Tag: China


What is an Authentic Antique?

October 25th, 2010 — 11:12pm

“A piece of furniture, tableware or the like, made at a much earlier period than the present.”

Another definition:

Antique: a collectible object such as a piece of furniture or work of art that has a high value because of its considerable age.

Wikipedia says, “objects at least 100 years old.” Considerable age is then at least 100 years old.

Thats fine.  I can accept that definition based on time, but this definition has little to do with the authenticity of an object.  A basis which can be seen as misleading in the antique world.  If time, and time alone, defines an object as antique, how does origin or more specifically, provenance, factor into this discussion?

Authentic: of undisputed origin; genuine.

Origin: the beginning of something’s existence.

Provenance: referring to the specific place, or sometimes the race or people, from which something is derived or by whom it was invented or constructed.

If location and process are truer definitions of authenticity, then the porcelain wares of Jingdezhen, China could be recognized as the finest examples of the authentic object, regardless of the time they have been created.

Jingdezhen, a province of Jiangxi China, as it’s slogan signs state, the “Harmonious Porcelain Metropolis”, has been a provenance of fine porcelain pottery for over 2000 years.  This is due to one of it’s major industrial mining materials kaolinite.  A mineral that is used mostly in porcelain manufacturing.  The name kaolinite - later kaolin, is derived from Chinese: Gaoling or Kao-ling (“High Hill”) which is in the city of Jingdezhen.
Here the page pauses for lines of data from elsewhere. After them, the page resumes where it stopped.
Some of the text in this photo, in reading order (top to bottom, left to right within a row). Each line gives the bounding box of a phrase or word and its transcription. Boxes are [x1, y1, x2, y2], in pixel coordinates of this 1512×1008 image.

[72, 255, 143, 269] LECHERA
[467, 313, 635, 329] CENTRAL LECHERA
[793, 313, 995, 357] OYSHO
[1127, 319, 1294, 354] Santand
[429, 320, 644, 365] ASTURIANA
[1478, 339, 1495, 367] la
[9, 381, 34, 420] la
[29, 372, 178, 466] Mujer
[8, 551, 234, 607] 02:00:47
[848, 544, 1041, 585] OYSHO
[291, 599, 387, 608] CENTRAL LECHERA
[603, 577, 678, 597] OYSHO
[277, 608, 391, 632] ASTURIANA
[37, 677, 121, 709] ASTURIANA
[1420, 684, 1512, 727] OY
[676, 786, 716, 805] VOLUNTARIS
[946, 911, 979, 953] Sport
As a process, forcing the petrification of clay into stone to make ceramic pots, the porcelain artisans of Jingdezhen, also pioneered high-fire kiln techniques.  Firing a kiln at a higher temperature, reveals the beautiful qualities intrinsic to porcelain such as translucency, referring to them as objects of purity.
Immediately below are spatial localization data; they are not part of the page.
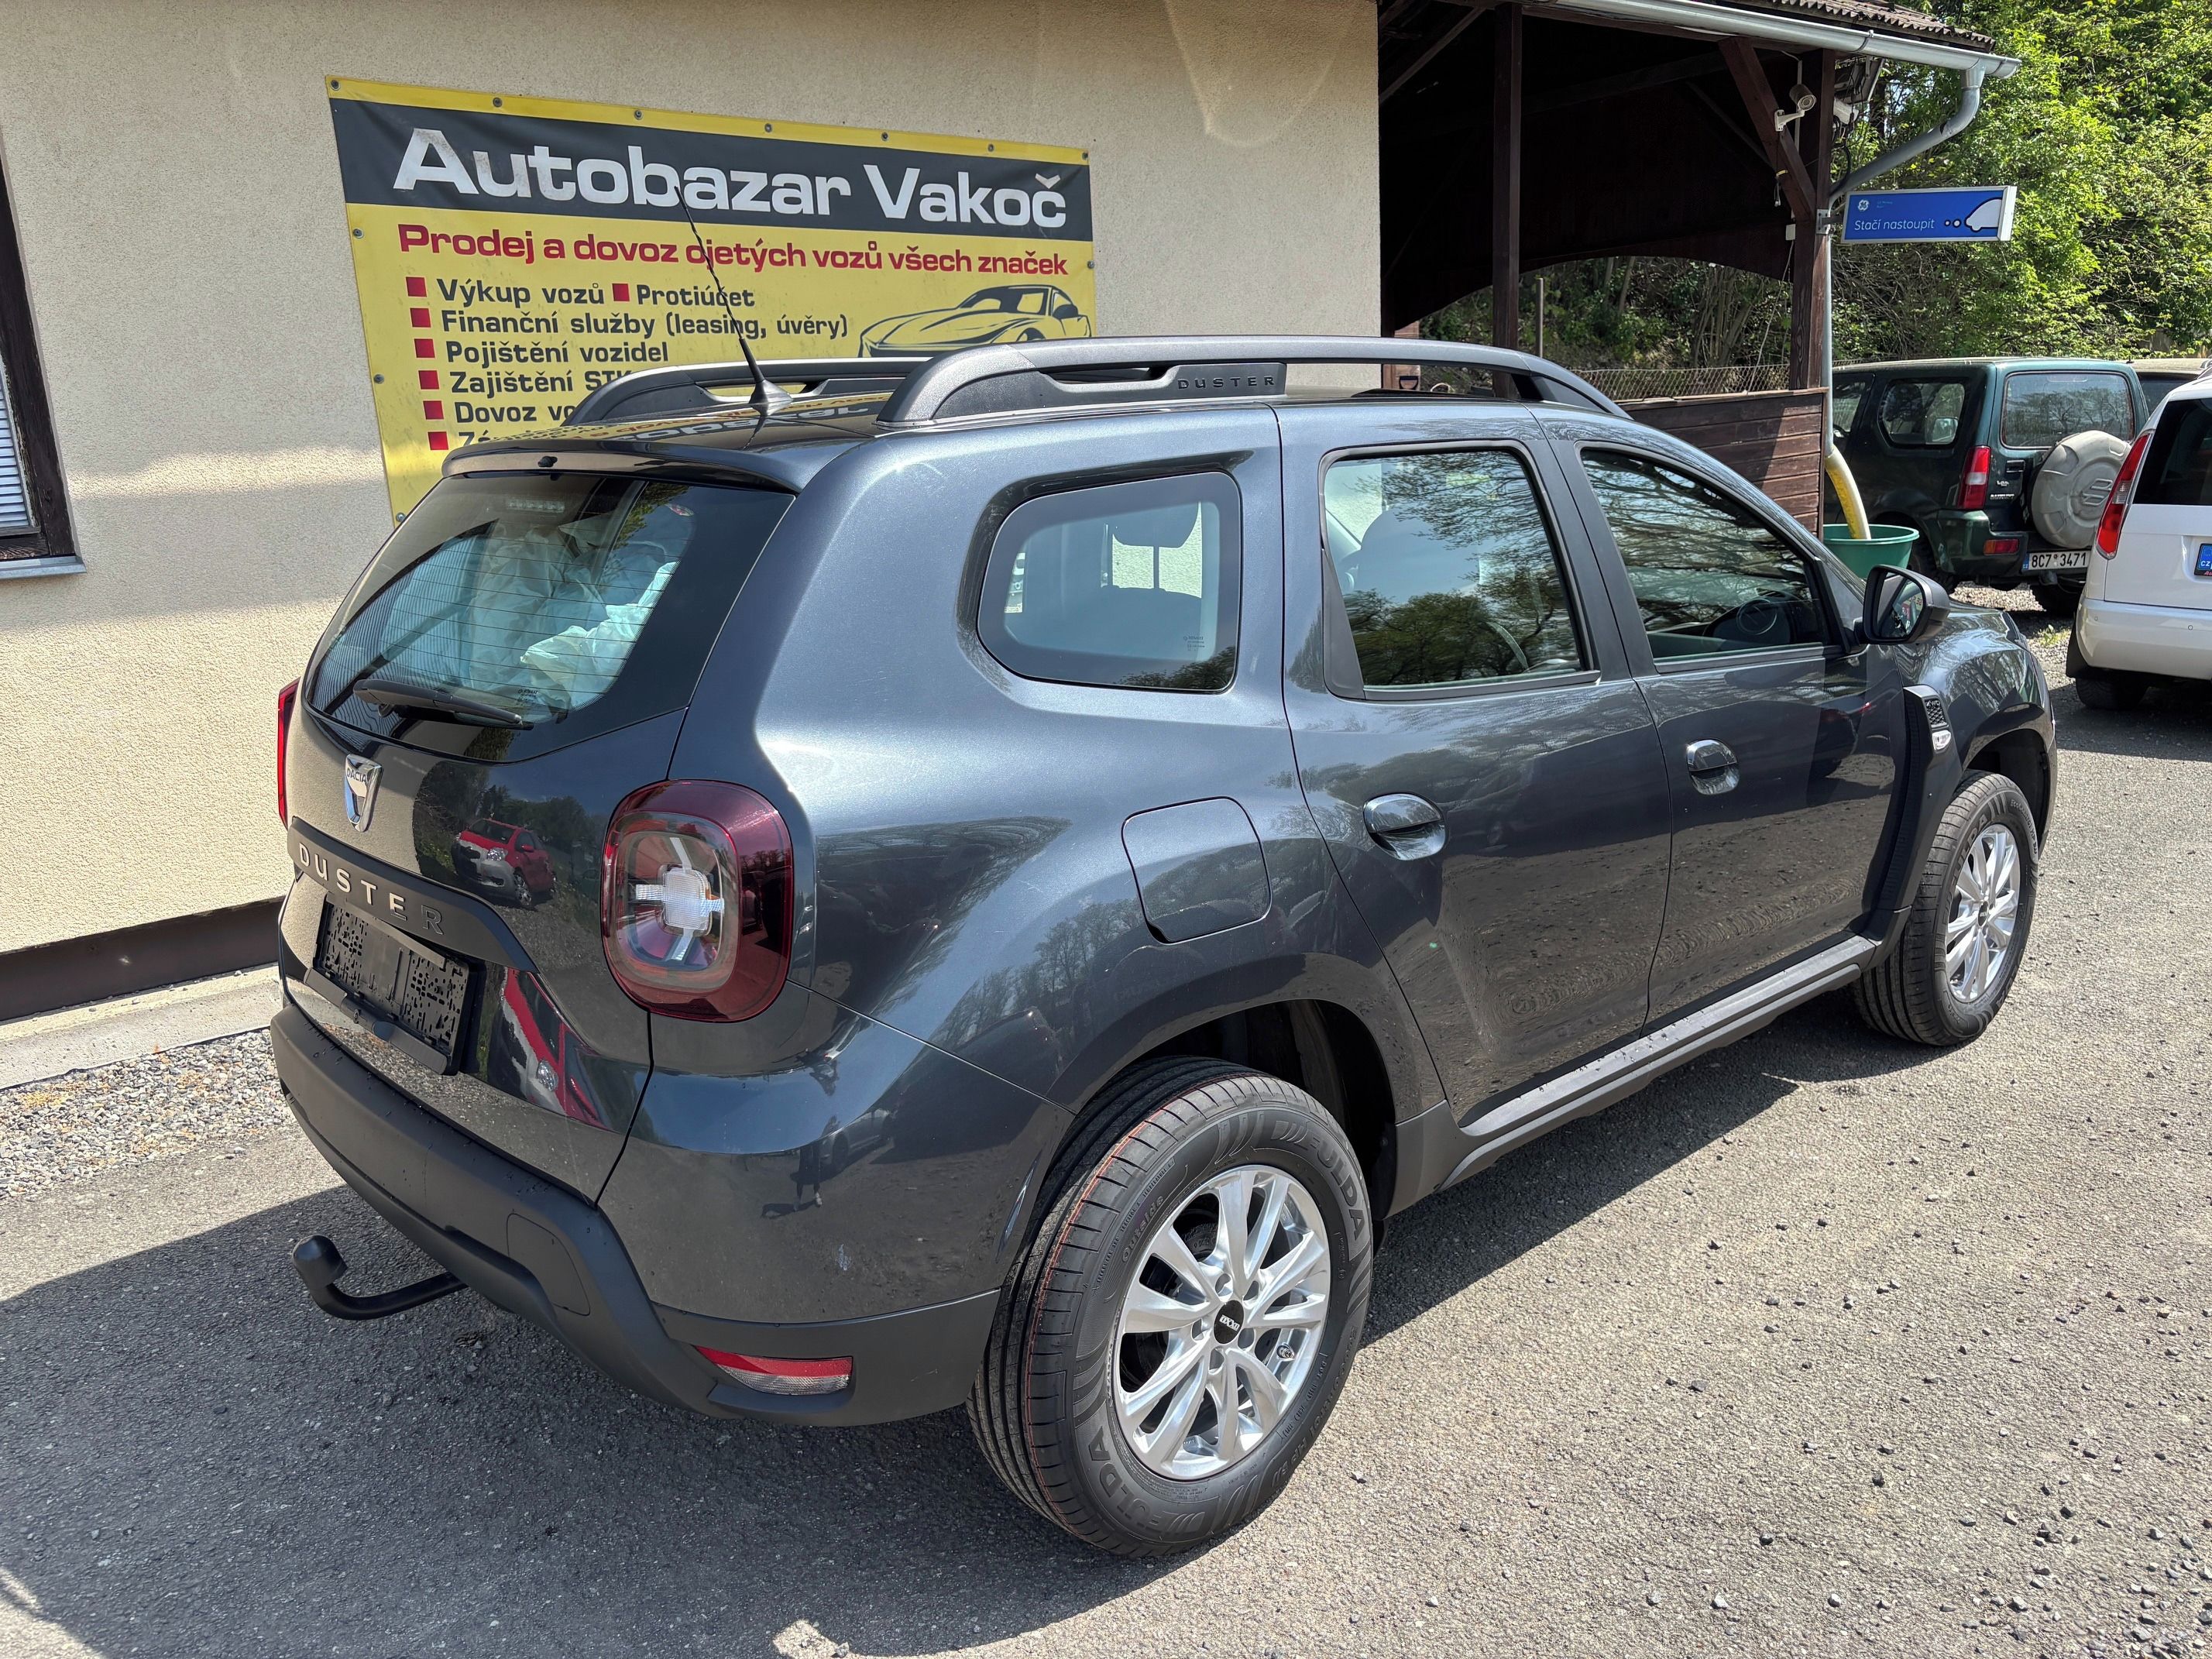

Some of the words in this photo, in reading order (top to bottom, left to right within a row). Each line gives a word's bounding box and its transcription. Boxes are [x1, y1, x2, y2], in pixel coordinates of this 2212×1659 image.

[393, 128, 851, 216] Autobazar
[863, 164, 1067, 228] Vakoč
[1854, 218, 1881, 231] Stačí
[1883, 218, 1935, 232] nastoupit
[397, 223, 535, 264] Prodej
[544, 239, 566, 259] a
[573, 234, 678, 263] dovoz
[685, 239, 806, 273] ojetých
[812, 240, 883, 270] vozů
[888, 246, 972, 273] všech
[978, 250, 1069, 276] značek
[436, 279, 532, 308] Výkup
[541, 282, 605, 305] vozů
[637, 283, 756, 307] Protiúčet
[441, 310, 559, 334] Finanční
[570, 312, 655, 339] služby
[666, 312, 767, 340] (leasing,
[777, 314, 849, 340] úvěry)
[445, 340, 569, 369] Pojištění
[579, 342, 668, 362] vozidel
[449, 369, 574, 400] Zajištění
[1176, 376, 1276, 390] DUSTER
[454, 401, 538, 424] Dovoz
[2032, 554, 2052, 568] 8C7
[2059, 553, 2087, 566] 3471
[346, 767, 368, 783] DACIA
[298, 841, 444, 936] DUSTER
[1121, 1195, 1164, 1264] Outside
If the age of a pot is the only defining aspect of an objects value, then what does that say about the actual material and labor that makes a pot?  As these two things are based in physical reality, don’t they read as more viable conditions of what an object really is?  Could not skill, something learned that has been passed down from generation to generation, be a more viable quality of which to measure authenticity in terms of age?  Traditional skill, as exercised and recorded in the making of a certain type of object – as something taught and studied, is the quintessential definition of developed time, is it not?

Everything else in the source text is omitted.